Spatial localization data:
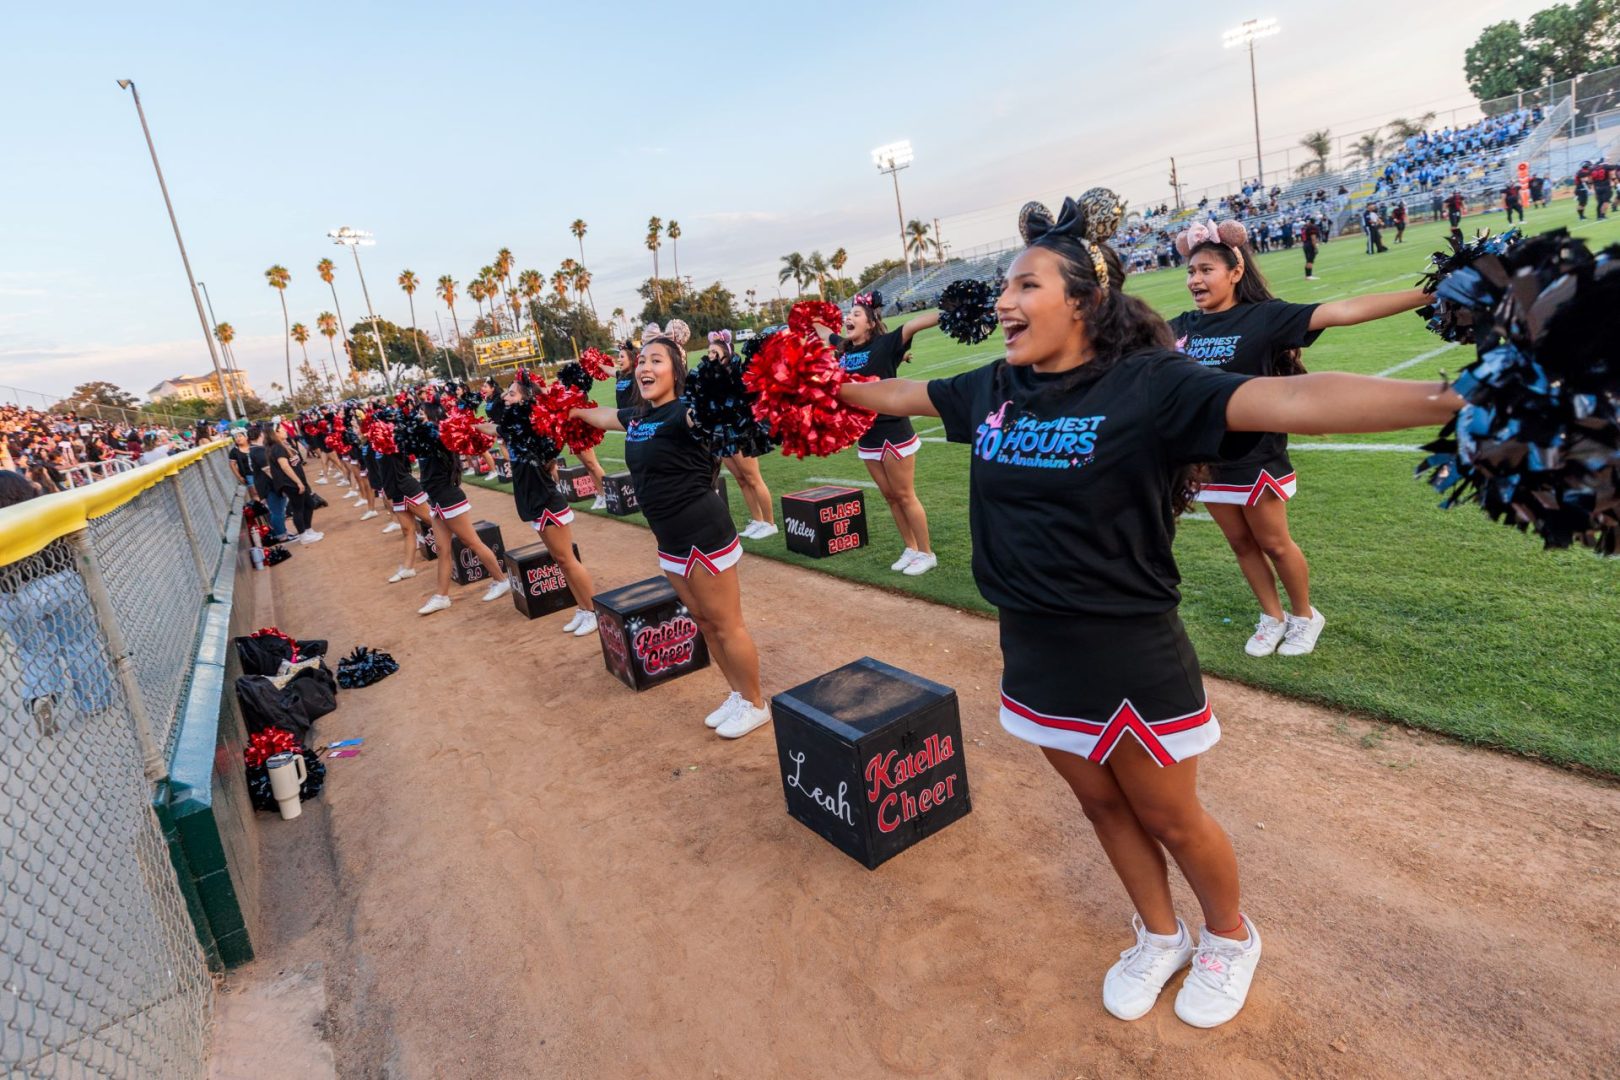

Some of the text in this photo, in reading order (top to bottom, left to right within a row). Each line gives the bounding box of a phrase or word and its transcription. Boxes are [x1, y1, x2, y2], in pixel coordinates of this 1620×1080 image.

[473, 329, 531, 345] GLOVER STADIUM
[1191, 335, 1241, 348] HAPPIEST
[1187, 345, 1236, 358] HOURS
[1014, 415, 1106, 432] HAPPIEST
[1002, 431, 1098, 454] HOURS
[997, 450, 1071, 469] in Anaheim
[820, 500, 861, 523] CLASS
[785, 517, 816, 543] Miley
[833, 518, 850, 536] OF
[828, 532, 860, 554] 2028
[530, 575, 567, 596] CHEE
[634, 616, 697, 657] Katella
[644, 640, 693, 674] Cheer
[865, 733, 955, 802] Katella
[787, 749, 855, 826] Leah
[877, 774, 957, 833] Cheer

WORK TASK: All the records need to be set down word for word, with the images left out.

OUTPUT FOR THIS EXERCISE:
Some of the text in this photo, in reading order (top to bottom, left to right within a row). Each line gives the bounding box of a phrase or word and its transcription. Boxes are [x1, y1, x2, y2], in pixel coordinates of this 1620×1080 image.

[473, 329, 531, 345] GLOVER STADIUM
[1191, 335, 1241, 348] HAPPIEST
[1187, 345, 1236, 358] HOURS
[1014, 415, 1106, 432] HAPPIEST
[1002, 431, 1098, 454] HOURS
[997, 450, 1071, 469] in Anaheim
[820, 500, 861, 523] CLASS
[785, 517, 816, 543] Miley
[833, 518, 850, 536] OF
[828, 532, 860, 554] 2028
[530, 575, 567, 596] CHEE
[634, 616, 697, 657] Katella
[644, 640, 693, 674] Cheer
[865, 733, 955, 802] Katella
[787, 749, 855, 826] Leah
[877, 774, 957, 833] Cheer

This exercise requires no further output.